STORED DATA:
--------------------
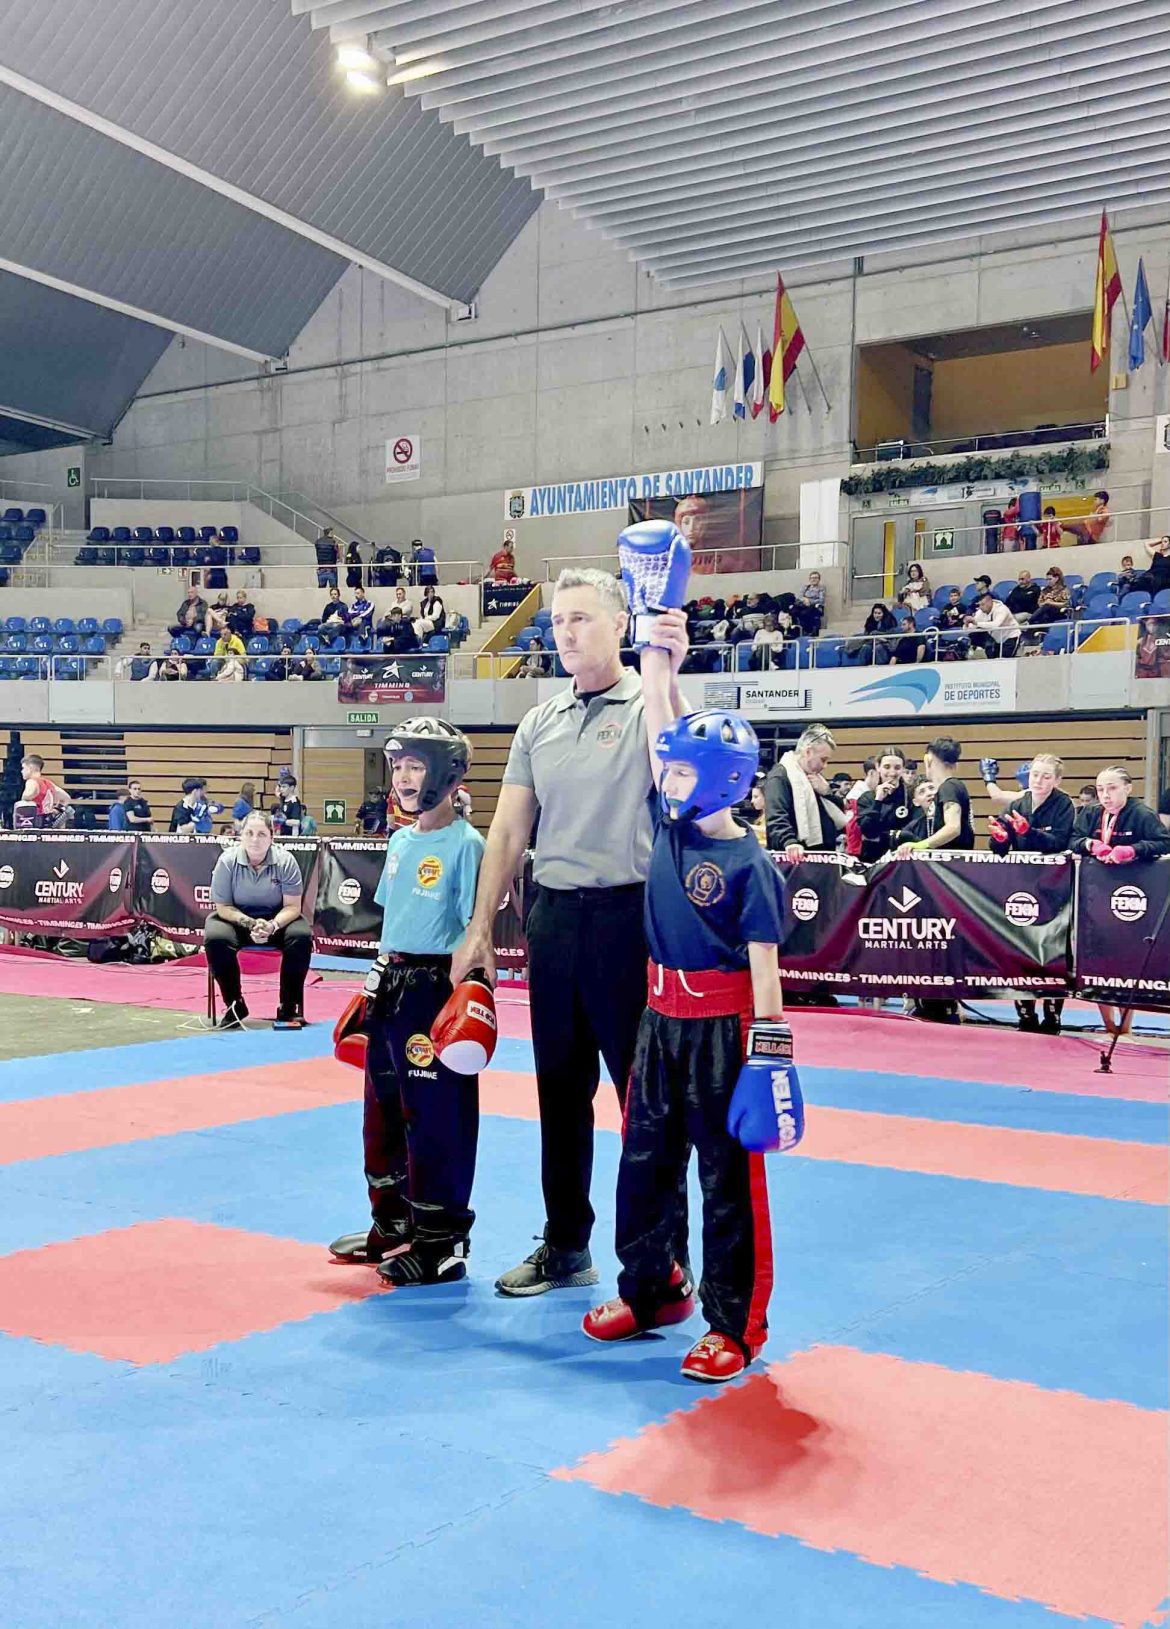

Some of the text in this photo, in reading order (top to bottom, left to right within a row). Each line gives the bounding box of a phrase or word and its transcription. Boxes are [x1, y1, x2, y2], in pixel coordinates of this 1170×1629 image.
--------------------
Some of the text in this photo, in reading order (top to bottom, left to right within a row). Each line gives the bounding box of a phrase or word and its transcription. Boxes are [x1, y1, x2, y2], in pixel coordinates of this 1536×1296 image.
--------------------
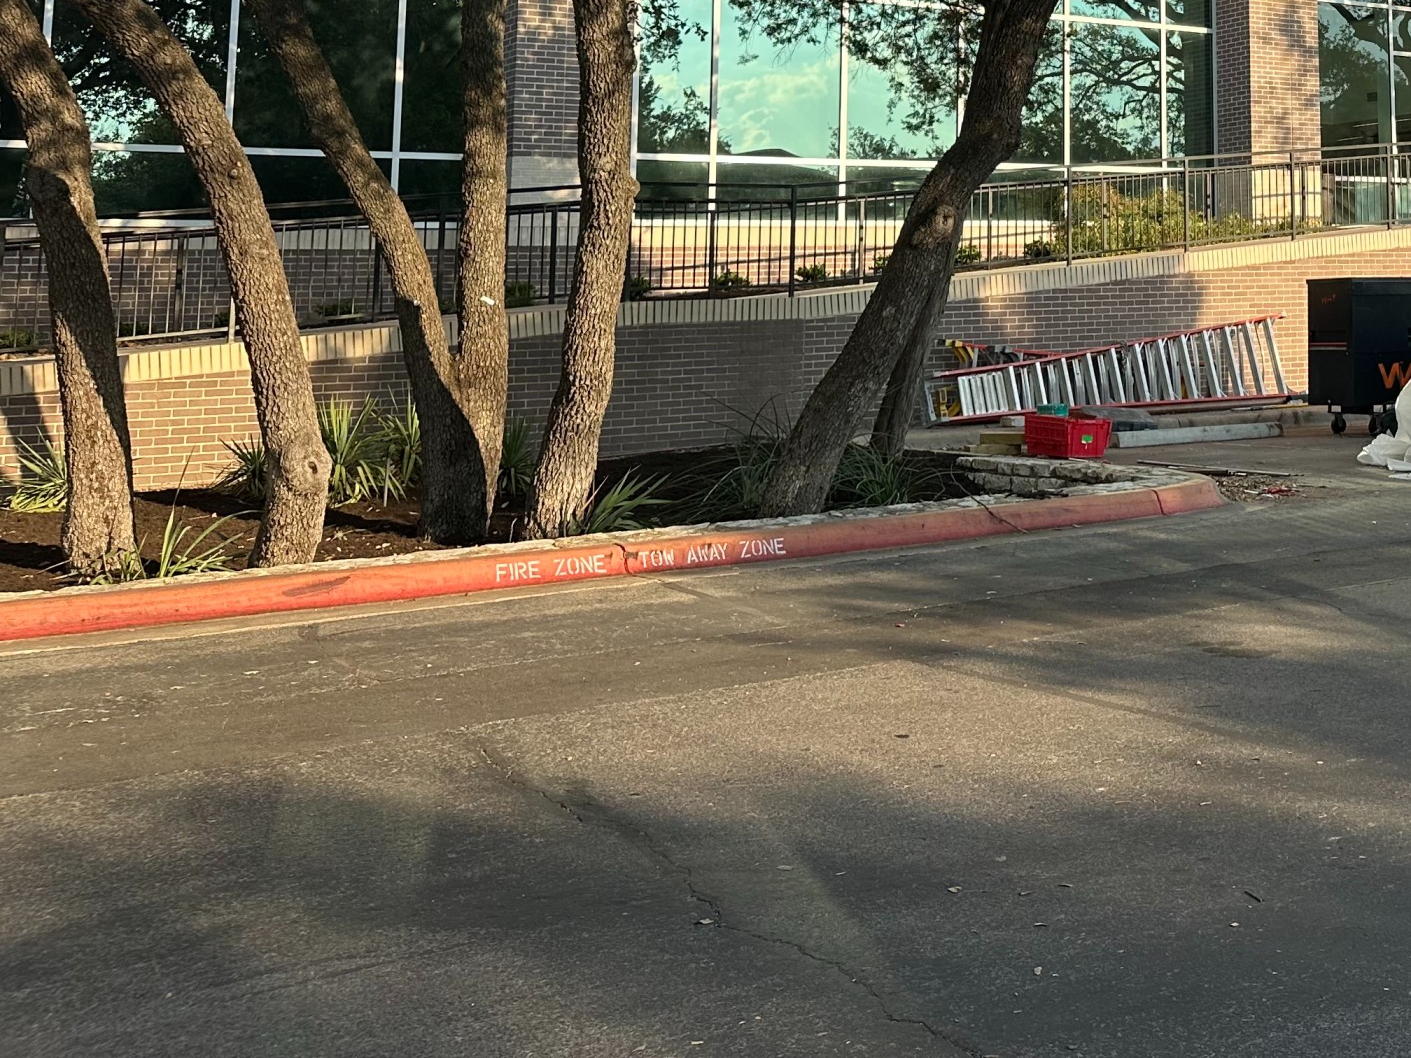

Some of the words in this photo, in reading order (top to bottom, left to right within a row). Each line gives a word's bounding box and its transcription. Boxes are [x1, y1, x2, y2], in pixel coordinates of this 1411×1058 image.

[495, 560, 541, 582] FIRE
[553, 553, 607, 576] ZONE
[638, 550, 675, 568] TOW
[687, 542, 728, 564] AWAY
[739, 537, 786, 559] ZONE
--------------------
WHAT NEEDS TO BE DONE: Go through the entries above and pull out each line with "text" in it.

WORKED SOLUTION:
Some of the text in this photo, in reading order (top to bottom, left to right within a row). Each line gives the bounding box of a phrase or word and its transcription. Boxes are [x1, y1, x2, y2], in pixel coordinates of this 1170×1629 image.
Some of the text in this photo, in reading order (top to bottom, left to right within a row). Each line gives the bounding box of a phrase or word and its transcription. Boxes are [x1, y1, x2, y2], in pixel coordinates of this 1536×1296 image.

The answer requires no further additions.